The Red Queen of course was Margaret Beaufort, the mother of Henry VII who began the Tudor dynasty which fascinates people down to this day. Margaret was pious, studious, and crammed into every last mold of standards of medieval purity for women you could think of. Handed off like a prize mare at 12 to be married, she had her first and only child at 13, a feat that’s always made me shudder to think of. Known chiefly for her holier-than-thou, mother-in-law from hell attitude of her later years, ‘The Red Queen’ presents a simple girl with a burning passion for greatness who always felt overlooked, but at least God was always on her side!
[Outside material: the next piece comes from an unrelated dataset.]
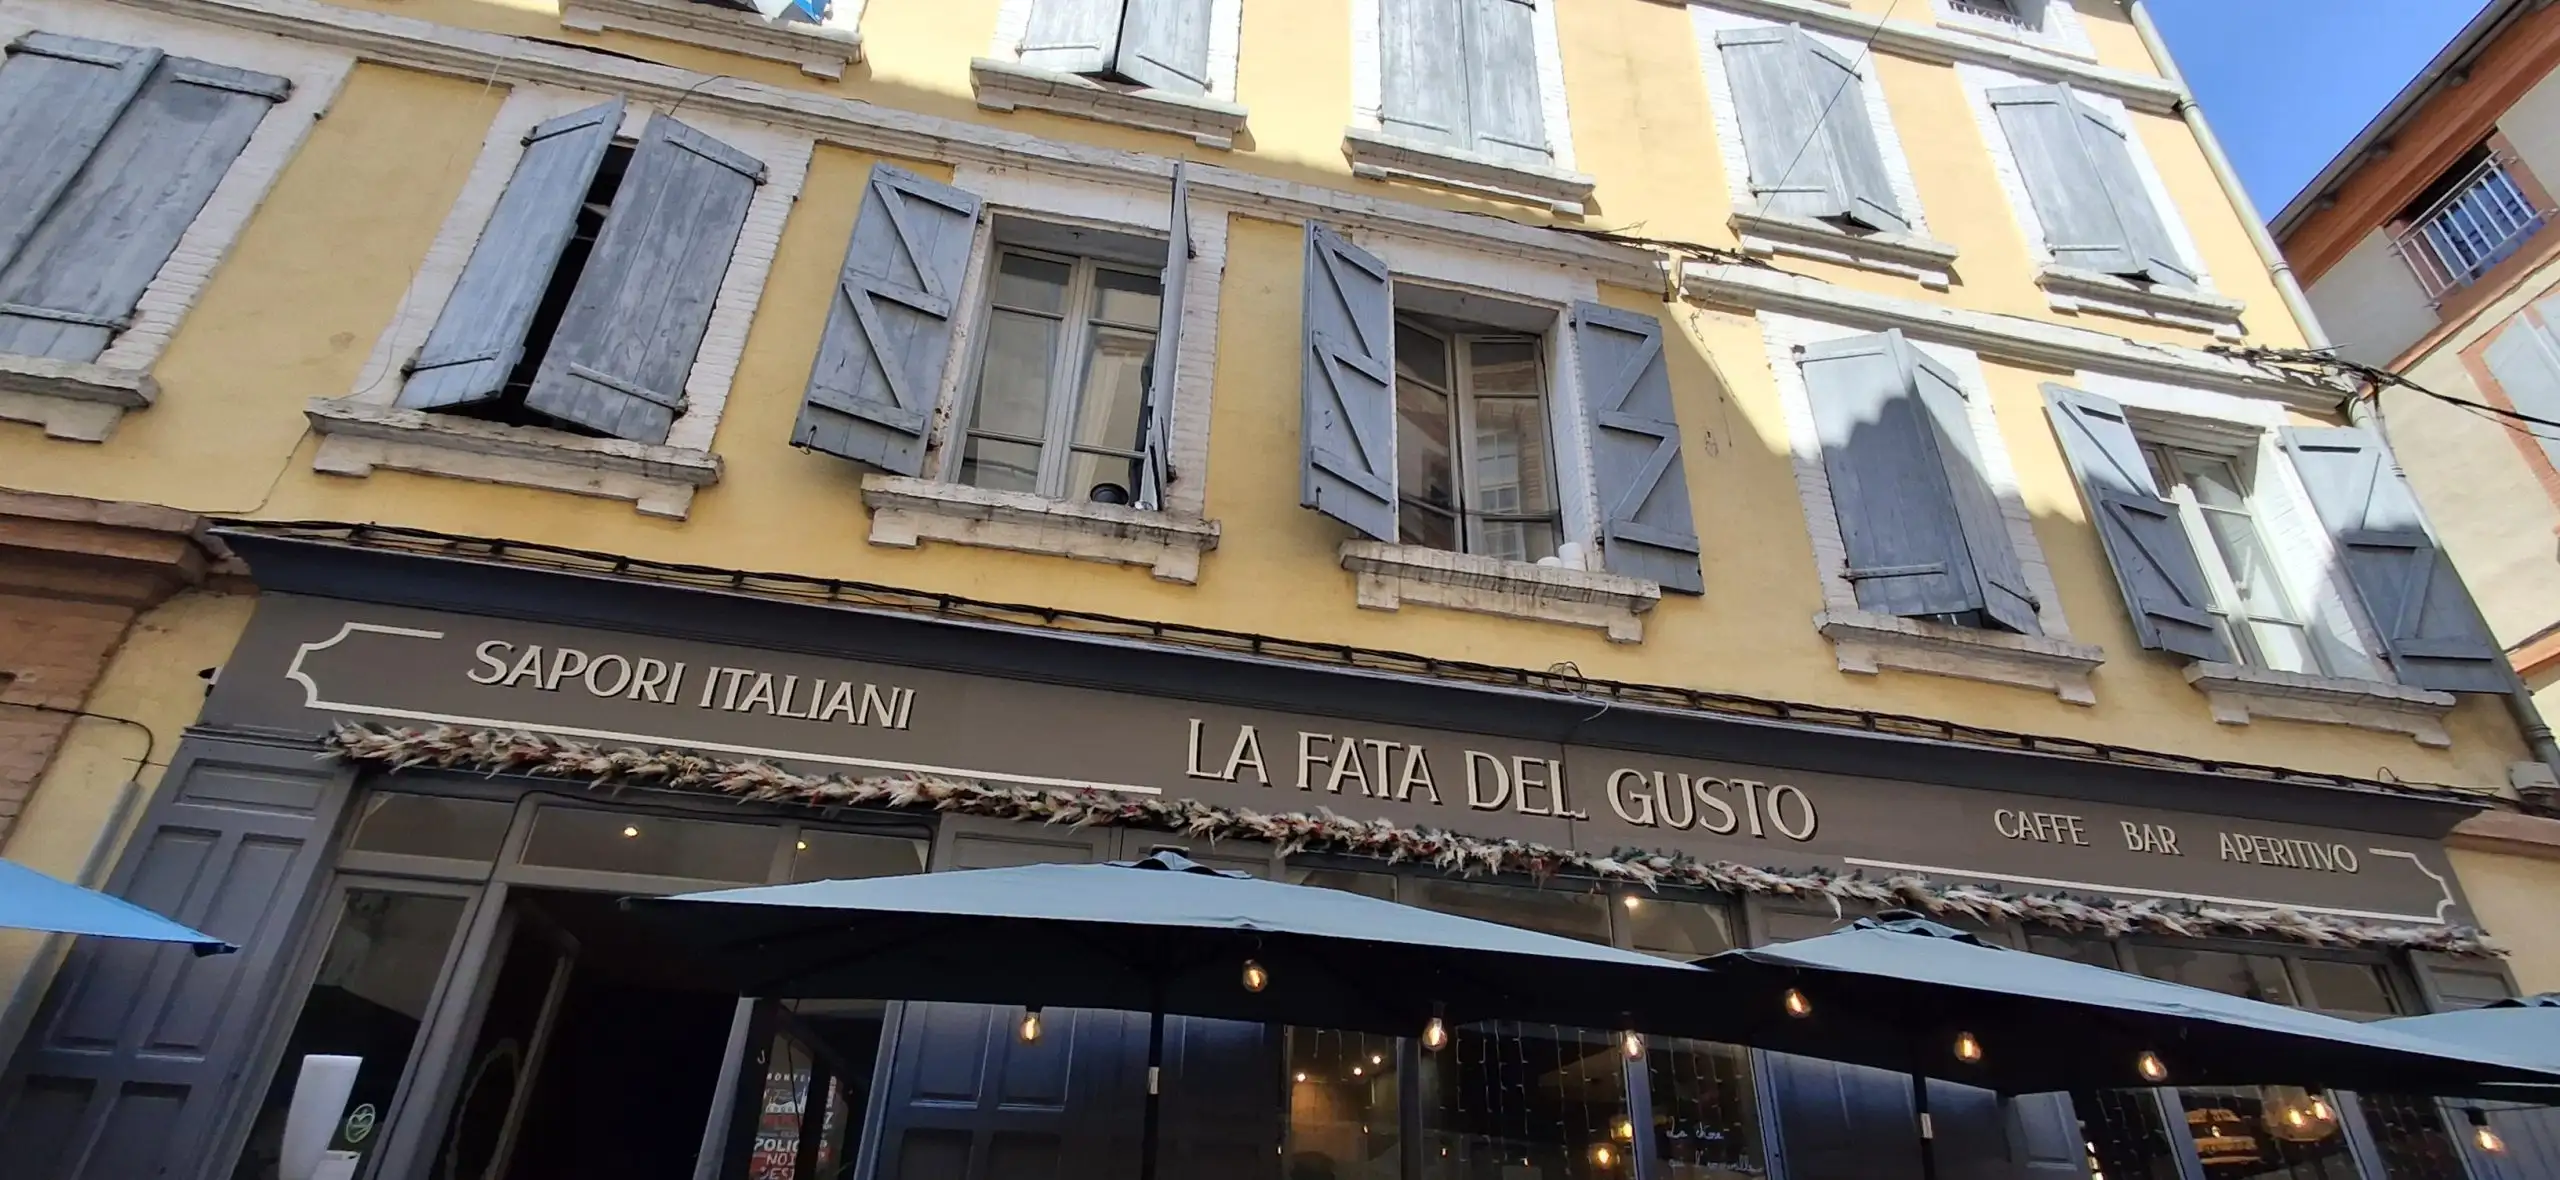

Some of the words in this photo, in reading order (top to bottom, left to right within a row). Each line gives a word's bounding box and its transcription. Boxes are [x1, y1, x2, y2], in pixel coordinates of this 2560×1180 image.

You honestly cannot argue with someone who thinks that way, and indeed, this tiny woman seems to have single-handedly kept the torch of Kingship alive for the Lancastrian side of the royal family. It almost seems like Henry triumphed over Richard the III through sheer maternal willpower.
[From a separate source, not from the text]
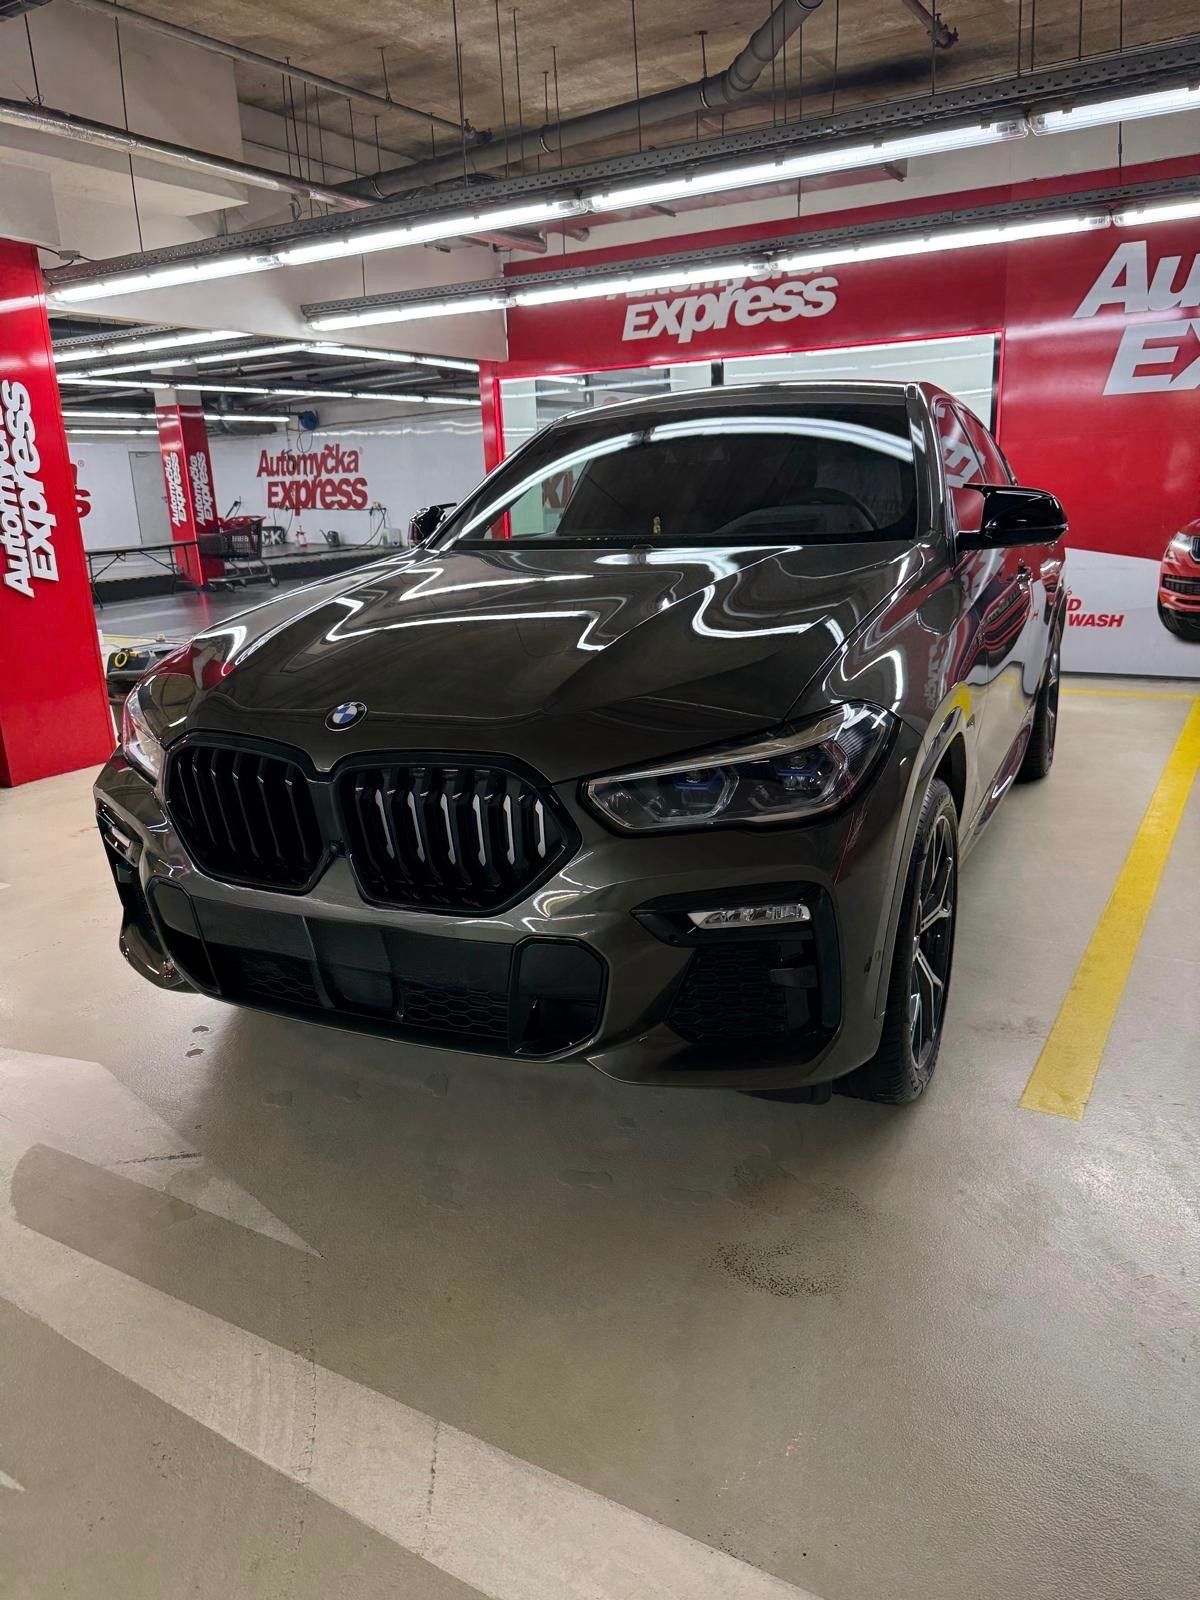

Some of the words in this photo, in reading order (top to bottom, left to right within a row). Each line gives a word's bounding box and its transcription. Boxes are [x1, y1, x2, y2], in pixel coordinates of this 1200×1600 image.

Gregory dove deep to try to embody what kind of person she must have been, what made her that way, how she endured many years of what must have felt like defeat, and how she might have balanced the two strongest points of her personality: her faith and her lust for power.
I see now that the Cousin’s Wars series is going to present a book each from most if not each of the very strong, very different women who far from being weak and invisible, had very large presences in the lives and fortunes of their men and history itself. Well that’s a good thing! This as said was a better read for me than ‘The Lady of the Rivers’ even though the protagonist was easily a much harder subject, and perhaps the author had to try harder indeed with a character like Margaret. Jaquetta Woodville was positively a flimsy baby-making machine! Now I read book one? Still historical fiction- lite.